“Perhaps when we’re in private, then. I had no idea until I saw you in boy’s clothes how they enhance a shapely female figure. It should become the fashion – except no man in Scotland would do a scrap of work, he’d be too busy looking at the lassies.”
“Stuff and nonsense,” she said, although a distinctly feminine corner of her soul warmed to know he’d admired her, even when she was a scruffy stableboy.
He came to a halt in front of a closed door. “Here we are.”
Here they were.
The nerves that had eased during his silly, teasing conversation coagulated into a frozen ball of terror.

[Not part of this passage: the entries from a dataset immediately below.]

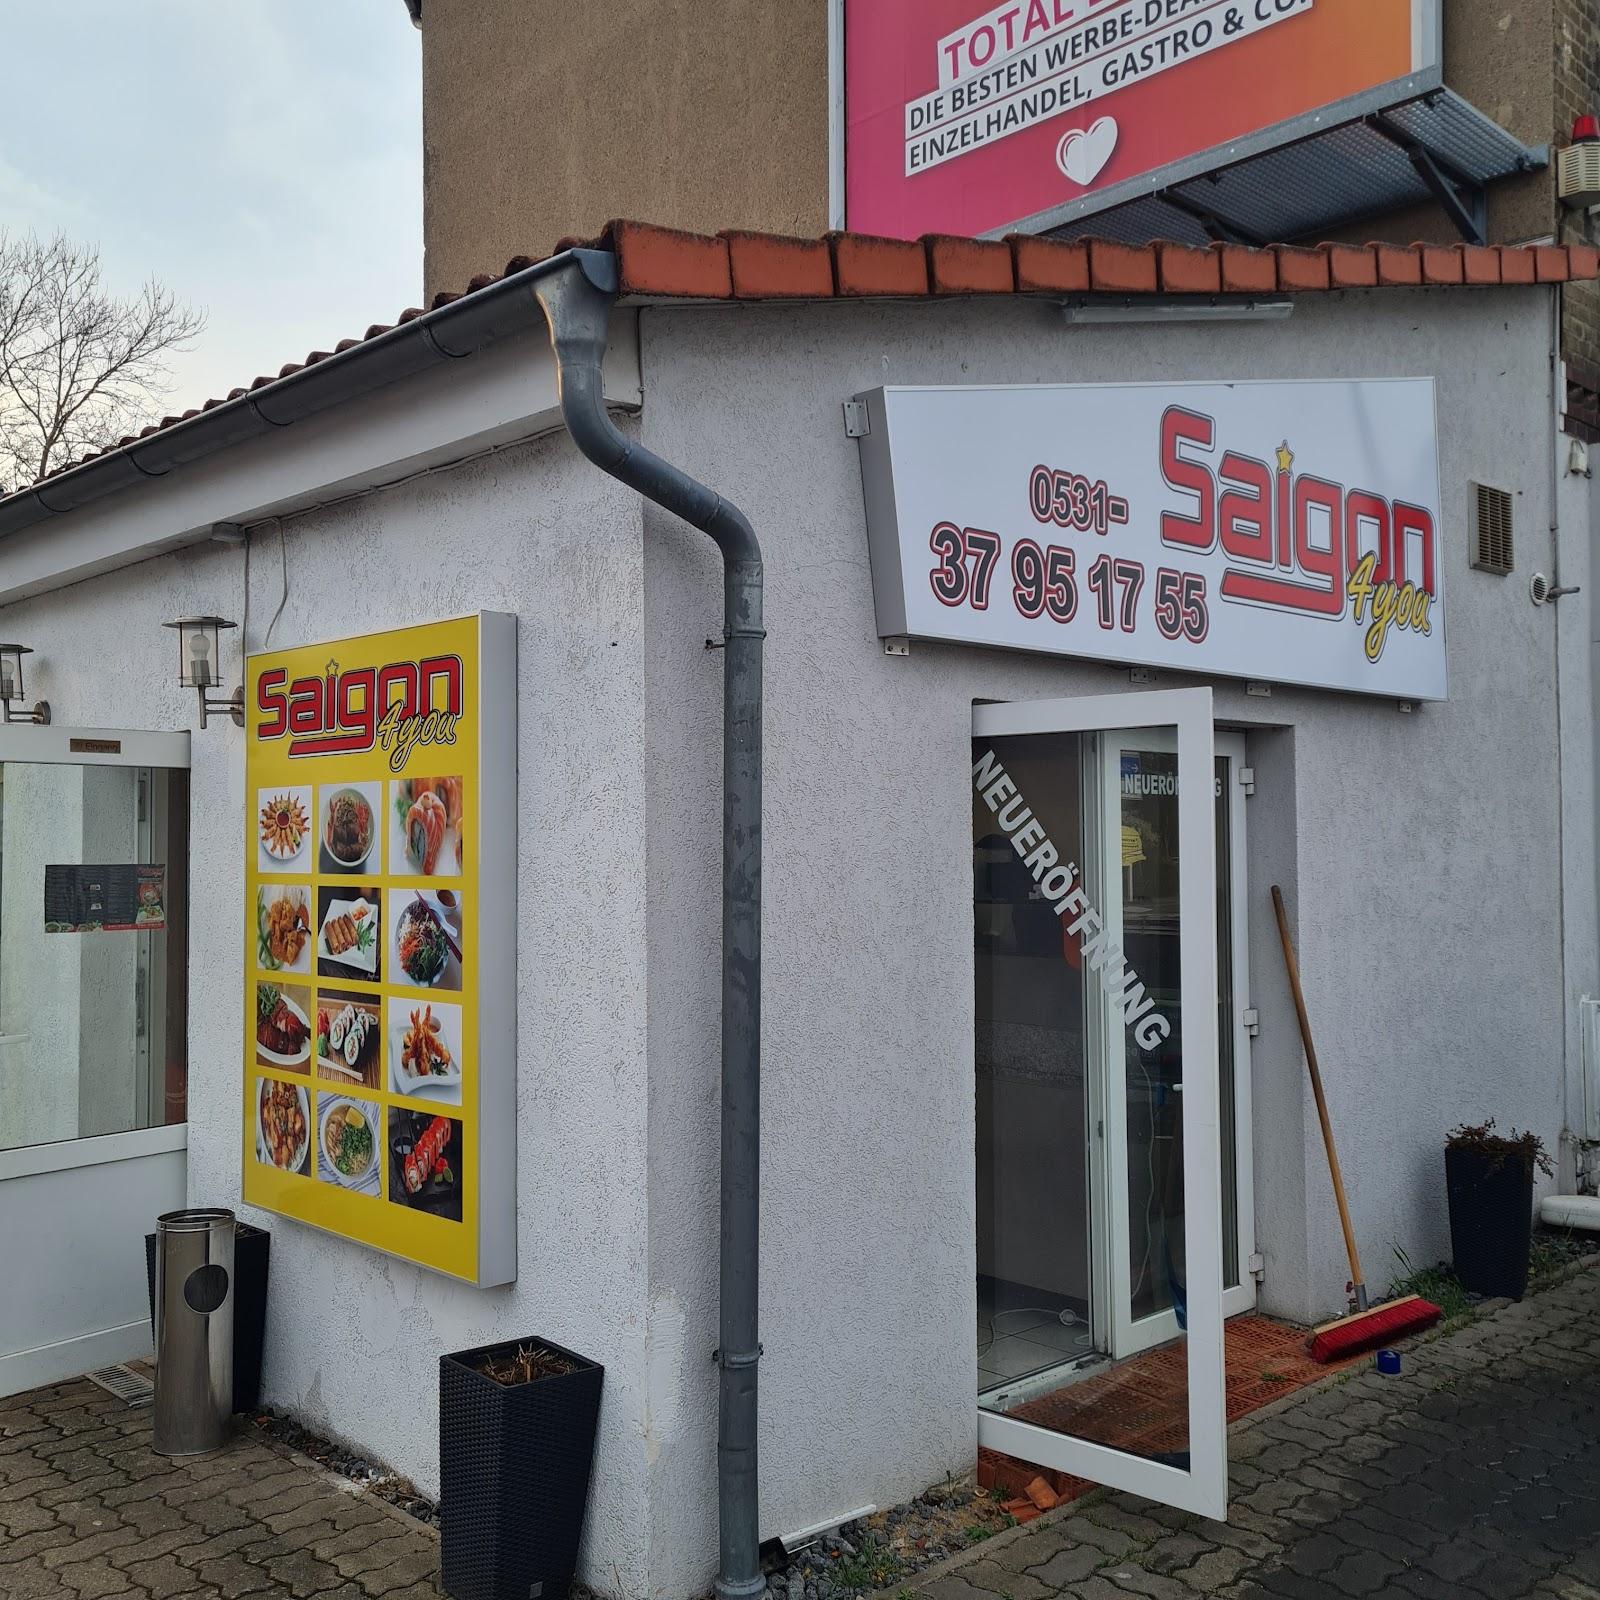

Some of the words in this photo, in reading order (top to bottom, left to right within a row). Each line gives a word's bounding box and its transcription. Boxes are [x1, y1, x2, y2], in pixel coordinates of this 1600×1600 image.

[911, 76, 1093, 168] EINZELHANDEL,
[1102, 20, 1213, 86] GASTRO
[1223, 9, 1244, 36] &
[911, 96, 944, 131] DIE
[952, 54, 1037, 113] BESTEN
[944, 0, 1074, 80] TOTAL
[1029, 464, 1129, 535] 0531-
[1159, 404, 1435, 621] Saigon
[930, 521, 1000, 610] 37
[1011, 538, 1078, 623] 95
[1089, 553, 1144, 633] 17
[1155, 568, 1209, 644] 55
[1346, 550, 1433, 664] 4you
[257, 653, 464, 759] Saigon
[377, 699, 458, 773] 4you
[972, 750, 1171, 1051] NEUERÖFFNUNG

She’d fled Appin to avoid wedding a stranger. Yet here she was in Glen Lyon in the very predicament she’d struggled so hard to evade.
Now a wedding night waited on the other side of that door. Kit might like Quentin. She might almost say she trusted Quentin – which felt like a huge concession. But nonetheless she stood on the brink of giving herself to a man, and she was so scared, she was trembling.
Quentin studied her with more of that perception. “You’ve suddenly gone very green around the gills.”
“I…I’m not afraid,” she said in a voice that vibrated with dread.
“No, I can see that,” he said dryly. “Now hold tight.”
“What…” As he swung her up into his arms, she squeaked with shock. “What on earth are you doing?”
“Carrying my lovely bride over the threshold.”
She went stiff in his arms, as she fought the urge to curl into his body. He was so deliciously warm, and she felt as if she’d been cold since her father died. “Put me down.”
His grip tightened. “Don’t you like it?”
“You’re acting like this is a real marriage, yet you must know that there’s nobody to see.”
His smile was gentle. “It felt like a real marriage when Reverend Kinney heard our vows.”
“You know what I mean,” she said uncomfortably.
“I do. But that doesn’t mean I like it. Now put your arm around my neck so I don’t drop you. It’s the first time I’ve carried a stableboy. I mightn’t have the knack.”
Despite everything, a choked giggle rose. “You’re a lunatic.”
“Undoubtedly.”
He jiggled her briefly as he opened the door, then he strode into a candlelit sitting room. The space might have looked dauntingly masculine if it hadn’t been decorated with vases of Christmas greenery and flowers from Hamish’s heated greenhouses.
“Someone’s been busy.” Quentin sounded surprised. “This isn’t how it looked when I left it.”
“It’s lovely,” Kit said, gazing around in wonder. She was so touched by the efforts everyone had made. Touched and guilty. The clansfolk acted as if this cobbled-together match with Quentin was grounded in true love. “But everyone adores you.”
Including me.
“I think they’re rather fond of you, too. Shall we investigate the bedroom?”
>
“Perhaps later,” she muttered.
His laugh held more of that breathtaking fondness. “Courage, young Kit. I promise you’ll survive to tell the tale.”
Kit wasn’t convinced, so she took issue with one thing she was sure of. “I’m not that much younger than you are.”
“No. That’s true.”
“You can put me down now, you know,” she insisted, because the longer she stayed in his arms, the more she liked it.